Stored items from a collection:

============

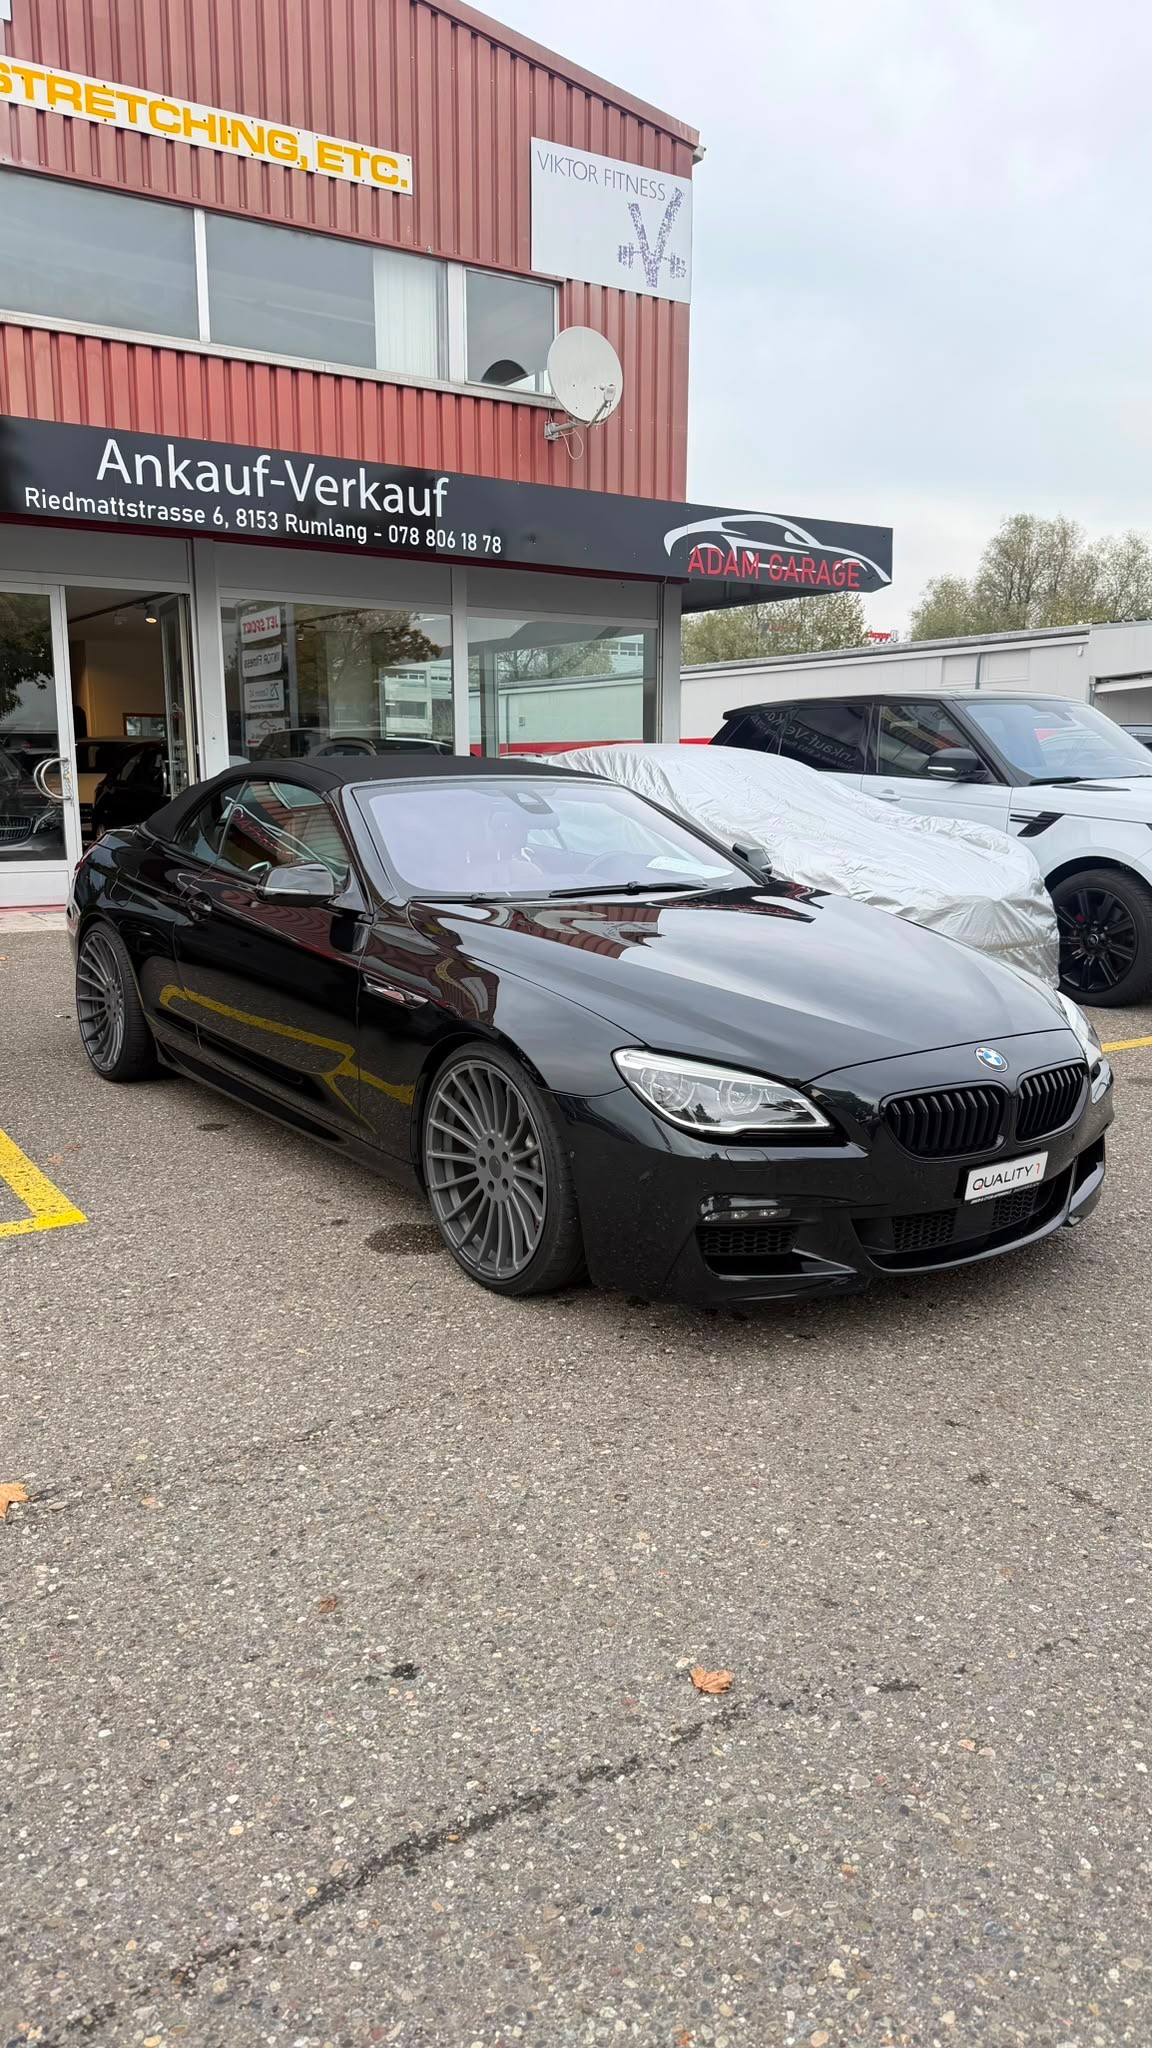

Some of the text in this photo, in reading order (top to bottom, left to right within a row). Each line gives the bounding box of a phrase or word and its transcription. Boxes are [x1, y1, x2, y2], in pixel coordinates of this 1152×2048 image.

[317, 140, 409, 187] ETC.
[537, 150, 666, 202] VIKTOR FITNESS
[96, 438, 449, 518] Ankauf-Verkauf
[24, 486, 206, 524] Riedmattstrasse
[212, 505, 230, 529] 6,
[236, 507, 279, 531] 8153
[285, 513, 368, 544] Rumlang
[388, 524, 420, 546] 078
[425, 528, 456, 550] 806
[460, 532, 477, 551] 18
[482, 535, 502, 554] 78
[687, 546, 861, 588] ADAM GARAGE
[972, 1163, 1034, 1191] QUALITY
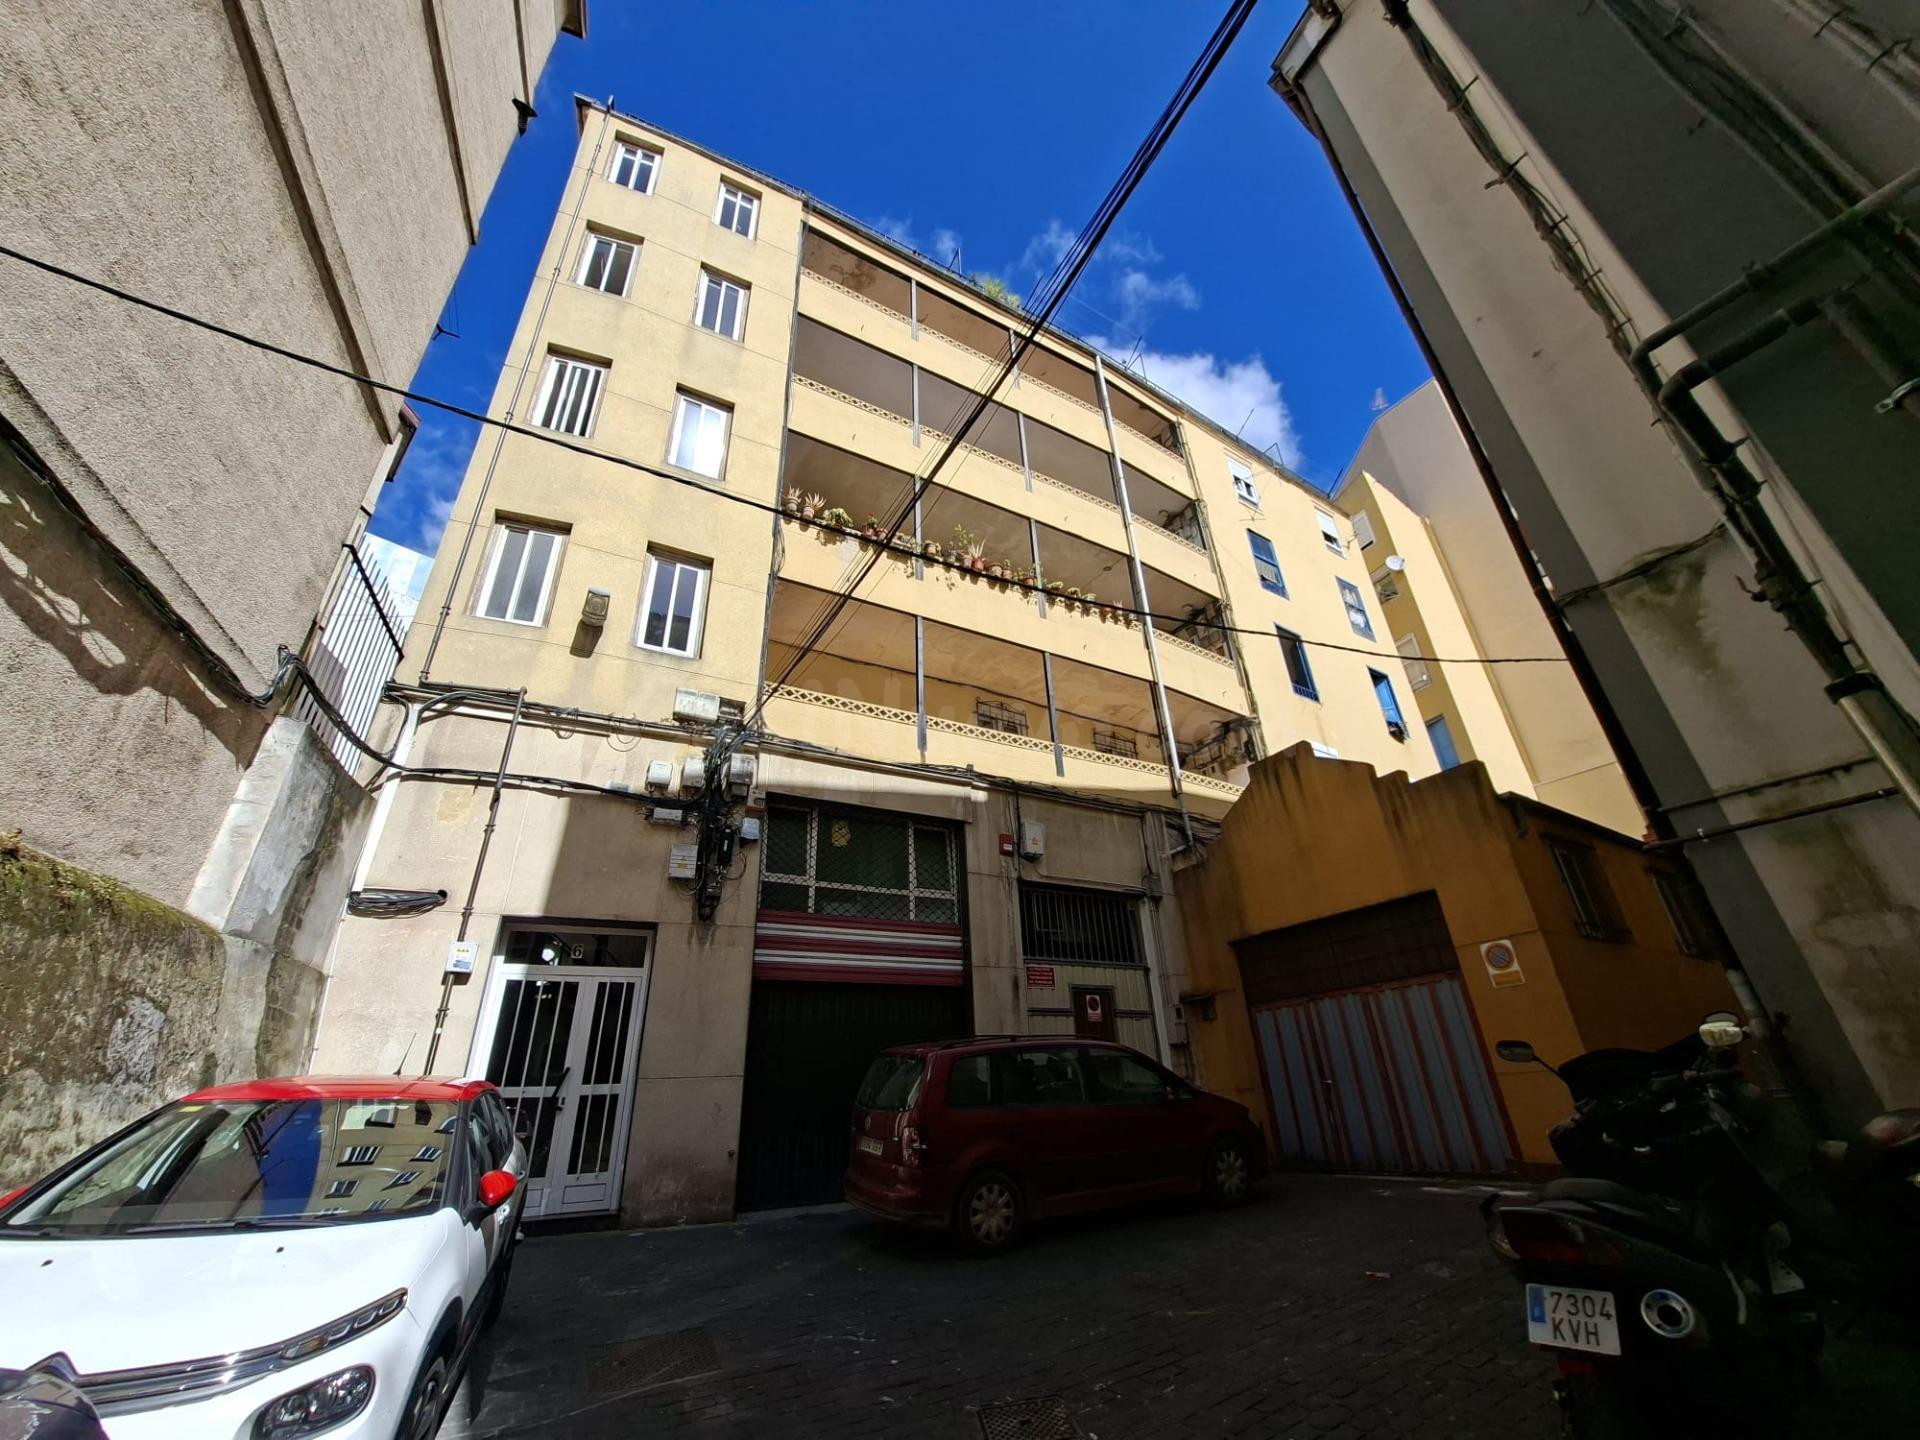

============

# Task goal
The expected result is every record above, word for word, with no pictures in it.

# Reply
Some of the text in this photo, in reading order (top to bottom, left to right within a row). Each line gives the bounding box of a phrase or word and its transcription. Boxes are [x1, y1, x2, y2], in pixel coordinates of this 1152×2048 image.

[317, 140, 409, 187] ETC.
[537, 150, 666, 202] VIKTOR FITNESS
[96, 438, 449, 518] Ankauf-Verkauf
[24, 486, 206, 524] Riedmattstrasse
[212, 505, 230, 529] 6,
[236, 507, 279, 531] 8153
[285, 513, 368, 544] Rumlang
[388, 524, 420, 546] 078
[425, 528, 456, 550] 806
[460, 532, 477, 551] 18
[482, 535, 502, 554] 78
[687, 546, 861, 588] ADAM GARAGE
[972, 1163, 1034, 1191] QUALITY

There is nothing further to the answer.